Abstract:

Shape morphing is vital to locomotion in microscopic organisms but has been challenging to achieve in sub-millimetre robots. By overcoming obstacles associated with miniaturization, we demonstrate microscopic electronically configurable morphing metasheet robots. These metabots expand locally using a kirigami structure spanning five decades in length, from 10 nm electrochemically actuated hinges to 100 μm splaying panels making up the ~1 mm robot. The panels are organized into unit cells that can expand and contract by 40% within 100 ms. These units are tiled to create metasheets with over 200 hinges and independent electronically actuating regions that enable the robot to switch between multiple target geometries with distinct curvature distributions.

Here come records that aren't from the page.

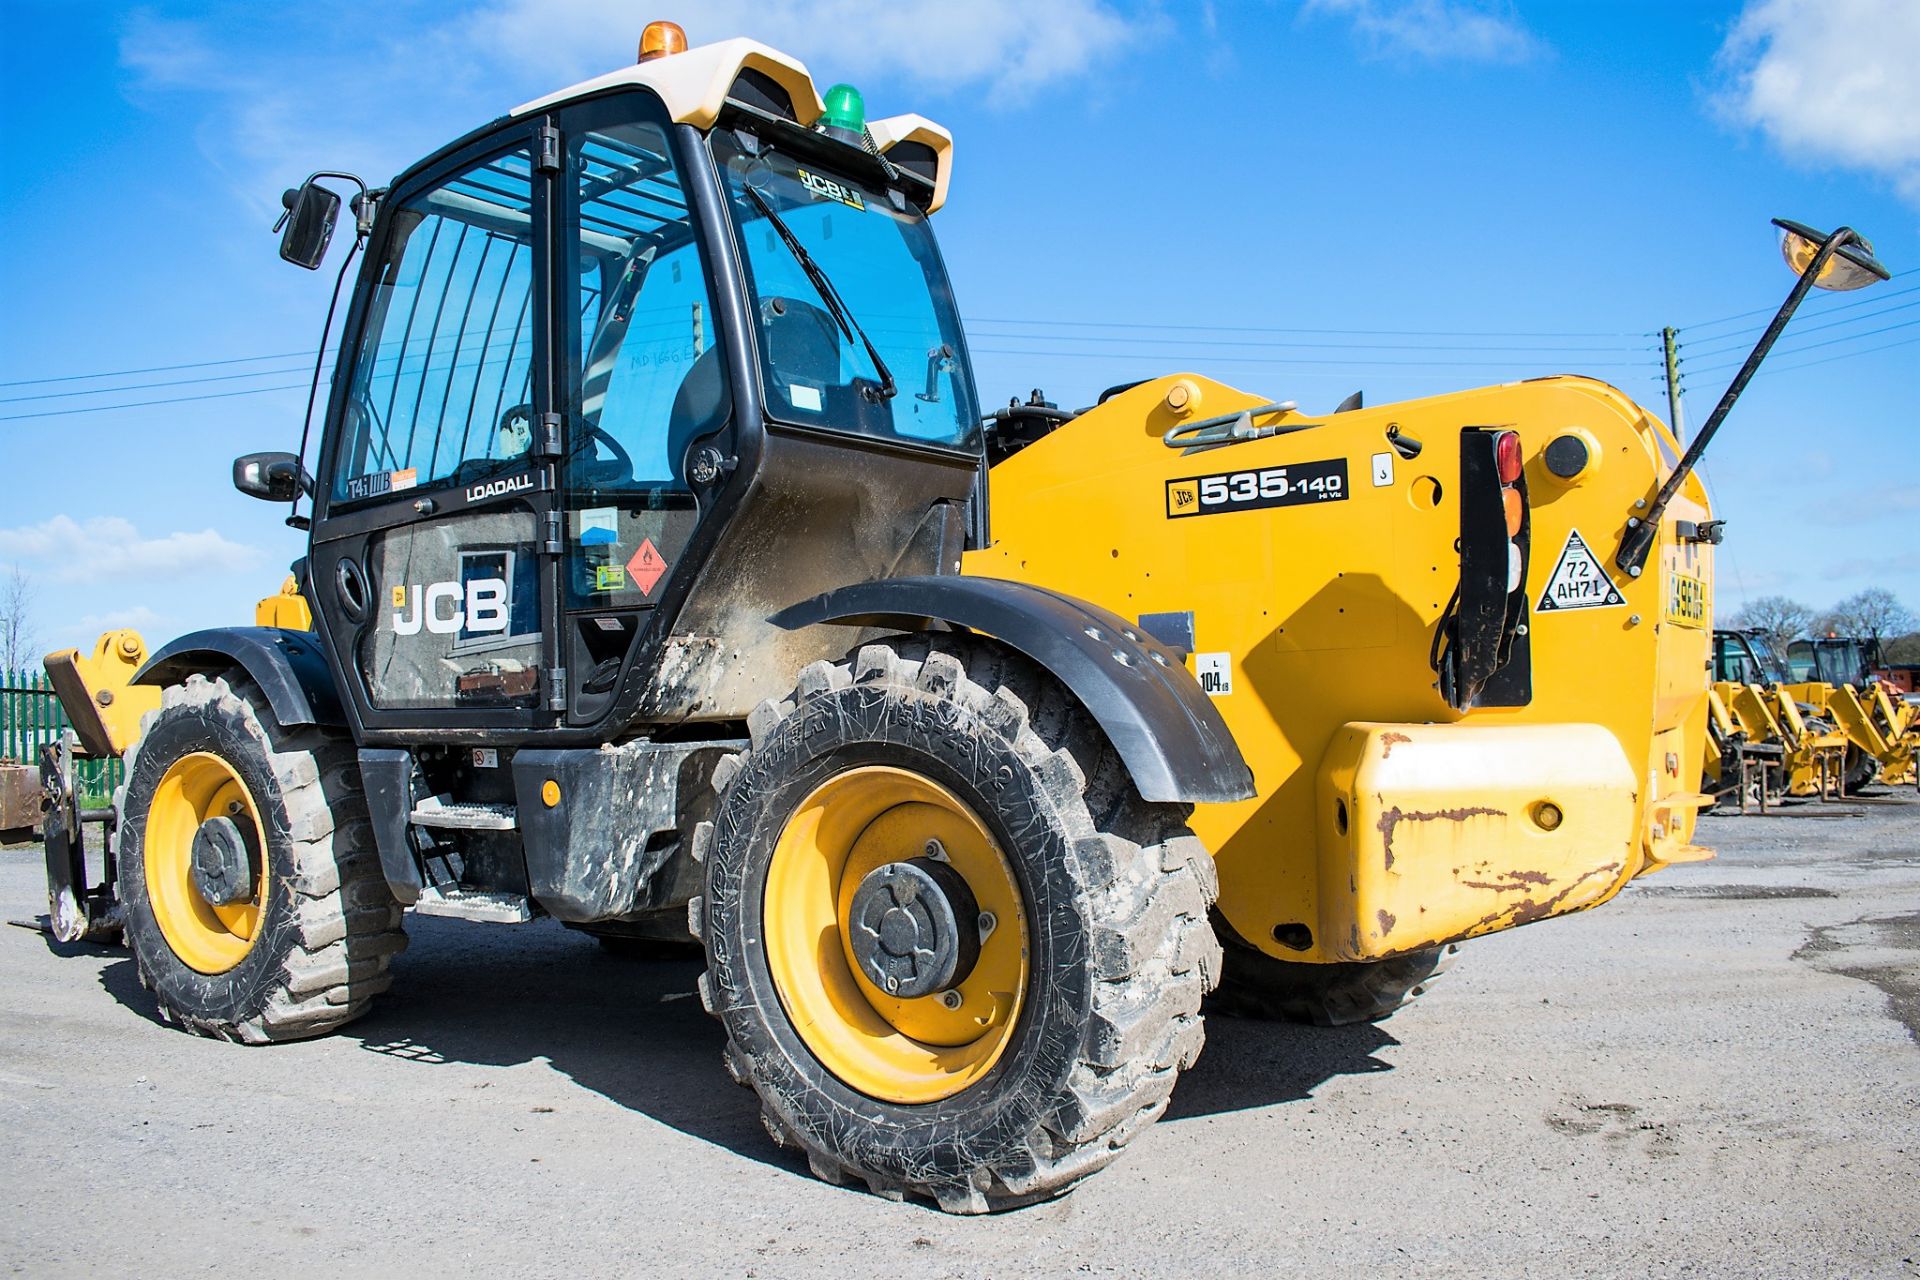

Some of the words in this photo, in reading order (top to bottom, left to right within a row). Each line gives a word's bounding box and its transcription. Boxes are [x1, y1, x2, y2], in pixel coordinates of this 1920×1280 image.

[800, 171, 843, 198] JCB
[465, 474, 534, 502] LOADALL
[1176, 488, 1194, 506] JCB
[1566, 561, 1589, 578] 72
[393, 579, 509, 636] JCB
[1200, 671, 1221, 692] 104
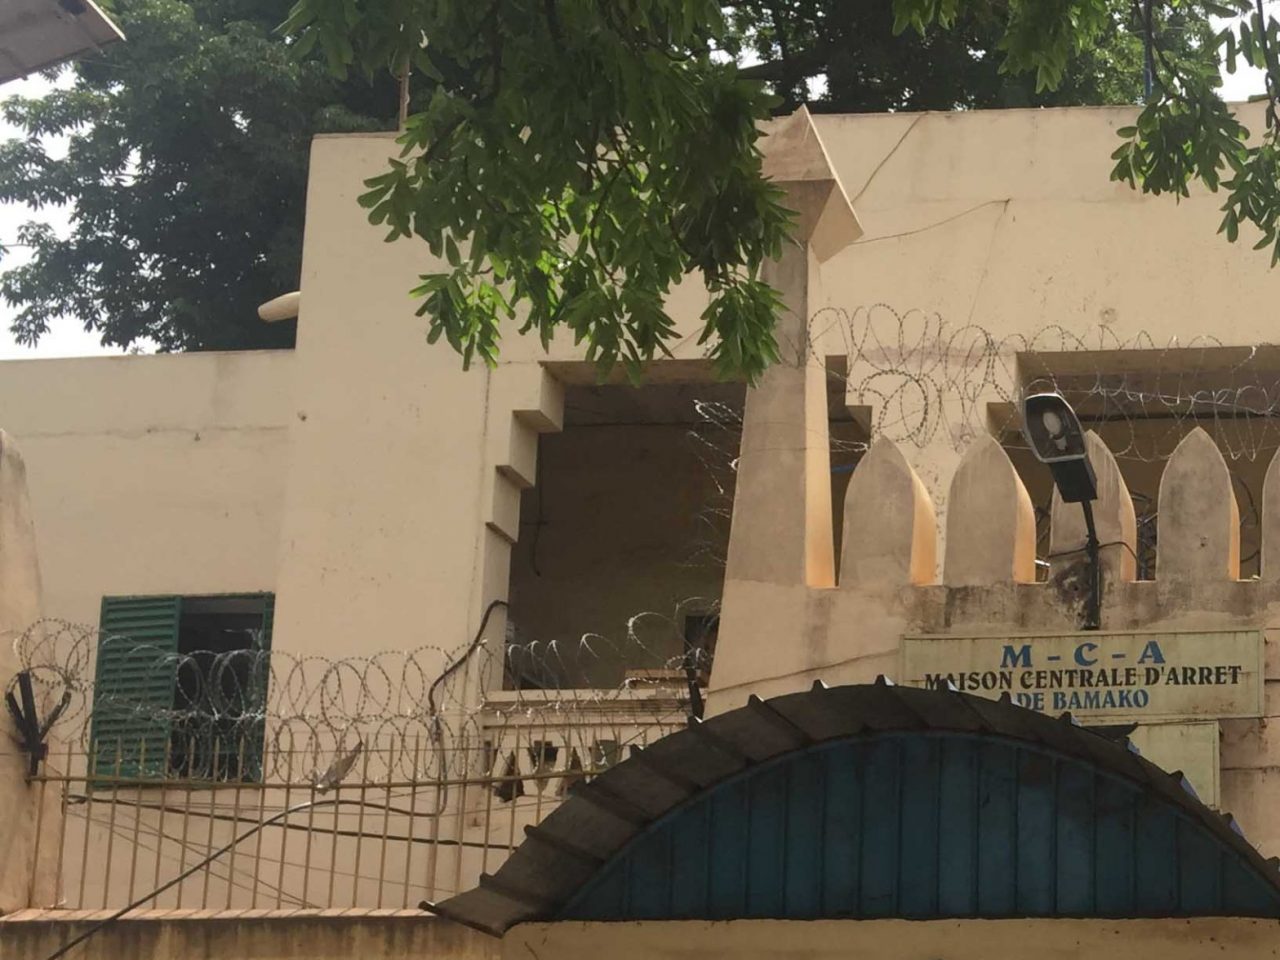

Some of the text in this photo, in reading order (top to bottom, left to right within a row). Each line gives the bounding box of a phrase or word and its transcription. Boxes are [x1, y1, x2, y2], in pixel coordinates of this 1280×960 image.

[1000, 645, 1033, 668] M
[1074, 643, 1098, 666] C
[1138, 640, 1166, 664] A
[925, 665, 1242, 690] MAISON CENTRALE D'ARRET
[1016, 689, 1149, 711] DE BAMAKO

By electronically actuating independent regions with prescribed phase delays, we generate locomotory gaits. These results advance a metamaterial paradigm for microscopic, continuum, compliant, programmable robots and pave the way to a broad spectrum of applications, including reconfigurable micromachines, tunable optical metasurfaces and miniaturized biomedical devices.

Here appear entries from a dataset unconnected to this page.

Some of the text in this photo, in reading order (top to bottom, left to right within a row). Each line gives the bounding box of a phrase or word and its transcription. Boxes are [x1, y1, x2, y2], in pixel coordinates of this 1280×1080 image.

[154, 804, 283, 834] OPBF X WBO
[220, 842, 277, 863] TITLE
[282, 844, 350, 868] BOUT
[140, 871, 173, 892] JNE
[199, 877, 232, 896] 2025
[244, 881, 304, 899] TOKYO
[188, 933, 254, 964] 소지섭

Fig. 1 a, Redox reactions drive bending in an atomically thin SEA made of a platinum strip capped on one side by a titanium film. b, Microsplay origami linkage that converts the out-of-plane bending of SEAs into panel splay. c, A unit cell whose area actively expands and contracts under actuation. d, A metabot sheet capable of adopting a variety of shapes on the basis of which unit cells are electrically activated. Two lead wires are connected to one panel of the metasheet and the electrical signal is spread throughout the structure via hinges and panels. e, An optical microscopy image of a metabot with 96 panels. The lengths of the central hinge lc and the side hinge ls are 6 μm and 3 μm, respectively. The lateral length of the triangular building block L is 80 μm while the length of the small triangular panel p is 20 μm. f, A scanning transmission electron microscopy image of an actuator cross-section showing the platinum and titanium. g, A false-coloured SEM image of a microsplay hinge. Here, the SEAs appear bright yellow and the panels are coloured orange. h, A false-coloured SEM image of a metabot sheet. Holes on panels are used to provide etchants access to the sacrificial layer to enable rapid release. i, An optical image of a millimetre-scale metabot sheet. j, An optical image showing a millimetre-scale metasheet placed on a US quarter dollar coin. The expanded region shows an SEM image of the metabot that has conformally adopted its shape to the contours of the body of the Statue of Liberty displayed on the coin. k, An SEM image of a metasheet adopting a variety of folds and kinks generated under critical-point drying.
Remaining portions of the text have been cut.